The global death toll from COVID-19 topped 2 million Friday, crossing the threshold amid a vaccine rollout so immense but so uneven that in some countries there is real hope of vanquishing the outbreak, while in other, less-developed parts of the world, it seems a far-off dream.
The numbing figure was reached just over a year after the coronavirus was first detected in the Chinese city of Wuhan. The number of dead, compiled by Johns Hopkins University, is about equal to the population of Brussels, Mecca, Minsk, or Vienna. It is roughly equivalent to the Cleveland metropolitan area or the entire state of Nebraska.
“There’s been a terrible amount of death,” said Dr. Ashish Jha, a pandemic expert, and dean of Brown University’s School of Public Health. At the same time, he said, “our scientific community has also done extraordinary work.”
In wealthy countries including the United States, Britain, Israel, Canada, and Germany, millions of citizens have already been given some measure of protection with at least one dose of the vaccine developed with revolutionary speed and quickly authorized for use.
But elsewhere, immunization drives have barely gotten off the ground. Many experts are predicting another year of loss and hardship in places like Iran, India, Mexico, and Brazil, which together account for about a quarter of the world’s deaths.
“As a country, as a society, as citizens, we haven’t understood,” lamented Israel Gomez, a Mexico City paramedic who spent months shuttling COVID-19 patients around by ambulance, desperately looking for vacant hospital beds. “We have not understood that this is not a game, that this really exists.”
Mexico, a country of 130 million people, has received just 500,000 doses of vaccine and has put barely half of those into the arms of health care workers.
That’s in sharp contrast to the situation for its wealthier northern neighbor. Despite early delays, hundreds of thousands of people are rolling up their sleeves every day in the United States, where the virus has killed about 390,000, by far the highest toll of any country.

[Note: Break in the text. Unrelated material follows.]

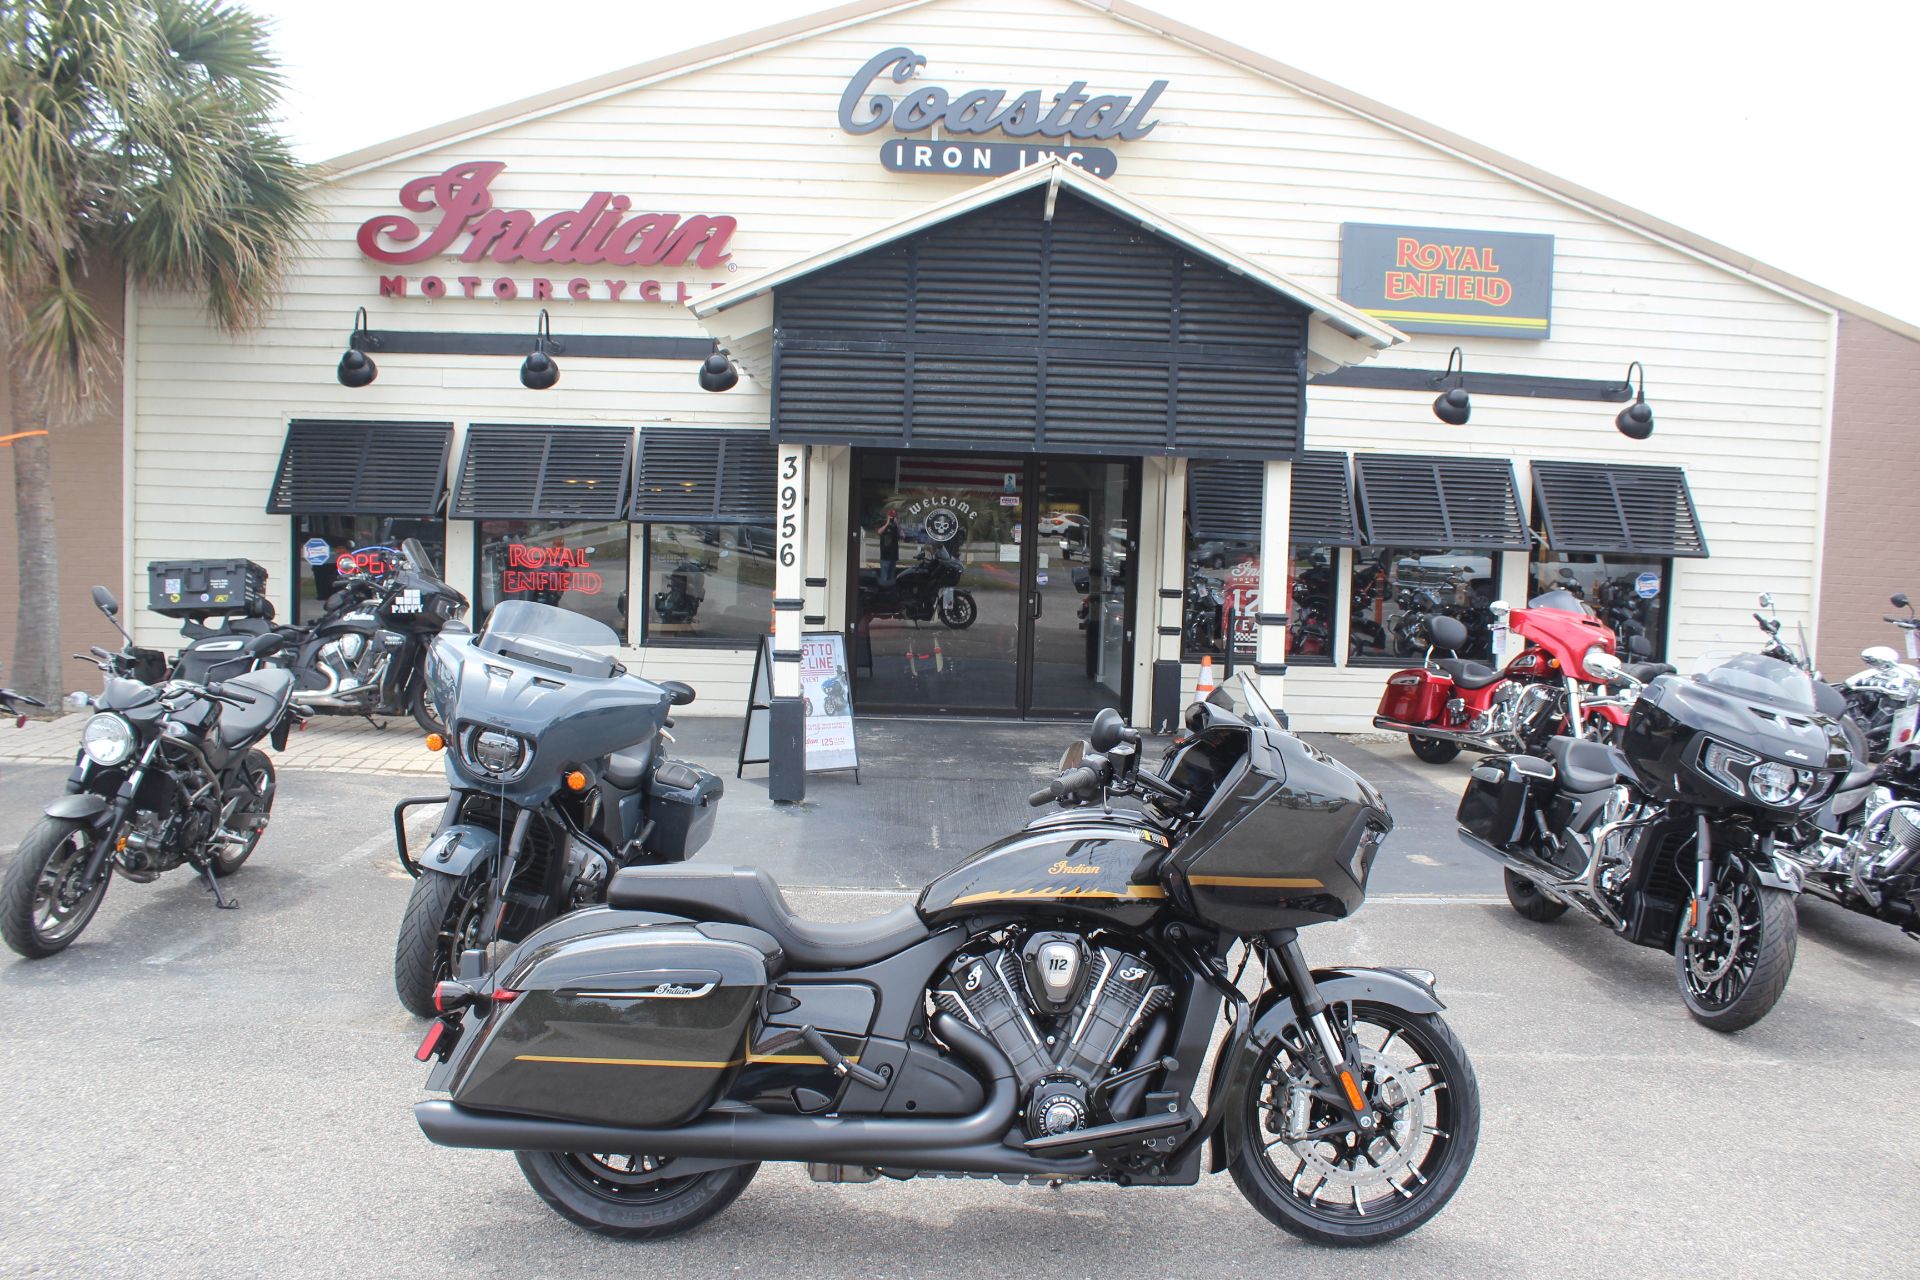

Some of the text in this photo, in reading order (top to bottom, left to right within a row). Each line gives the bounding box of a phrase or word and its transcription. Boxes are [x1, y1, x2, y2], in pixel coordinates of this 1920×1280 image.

All told, over 35 million doses of various COVID-19 vaccines have been administered around the world, according to the University of Oxford.
While vaccination drives in rich countries have been hamstrung by long lines, inadequate budgets, and a patchwork of state and local approaches, the obstacles are far greater in poorer nations, which can have weak health systems, crumbling transportation networks, entrenched corruption, and a lack of reliable electricity to keep vaccines cold enough.
Also, the majority of the world’s COVID-19 vaccine doses have already been snapped up by wealthy countries. COVAX, a U.N.-backed project to supply shots to developing parts of the world, has found itself short of vaccine, money, and logistical help.
As a result, the World Health Organization’s chief scientist warned it is highly unlikely that herd immunity — which would require at least 70% of the globe to be vaccinated — will be achieved this year. As the disaster has demonstrated, it is not enough to snuff out the virus in a few places.
“Even if it happens in a couple of pockets, in a few countries, it’s not going to protect people across the world,” Dr. Soumya Swaminathan said this week.
Health experts fear, too, that if shots are not distributed widely and fast enough, it could give the virus time to mutate and defeat the vaccine — “my nightmare scenario,” as Jha put it.
U.N. Secretary-General Antonio Guterres said the 2 million milestones “has been made worse by the absence of a global coordinated effort.” He added: “Science has succeeded, but solidarity has failed.”
Meanwhile, in Wuhan, where the scourge was discovered in late 2019, a global team of researchers led by WHO arrived Thursday on a politically sensitive mission to investigate the origins of the virus, which is believed to have spread to humans from wild animals.
The Chinese city of 11 million people is bustling again, with few signs it was once the epicenter of the catastrophe, locked down for 76 days, with over 3,800 dead.
“We are not fearful or worried as we were in the past,” said Qin Qiong, a noodle shop owner. “We now live a normal life. I take the subway every day to come to work in the shop. ... Except for our customers, who have to wear masks, everything else is the same.”
It took eight months to hit 1 million dead but less than four months after that to reach the next million.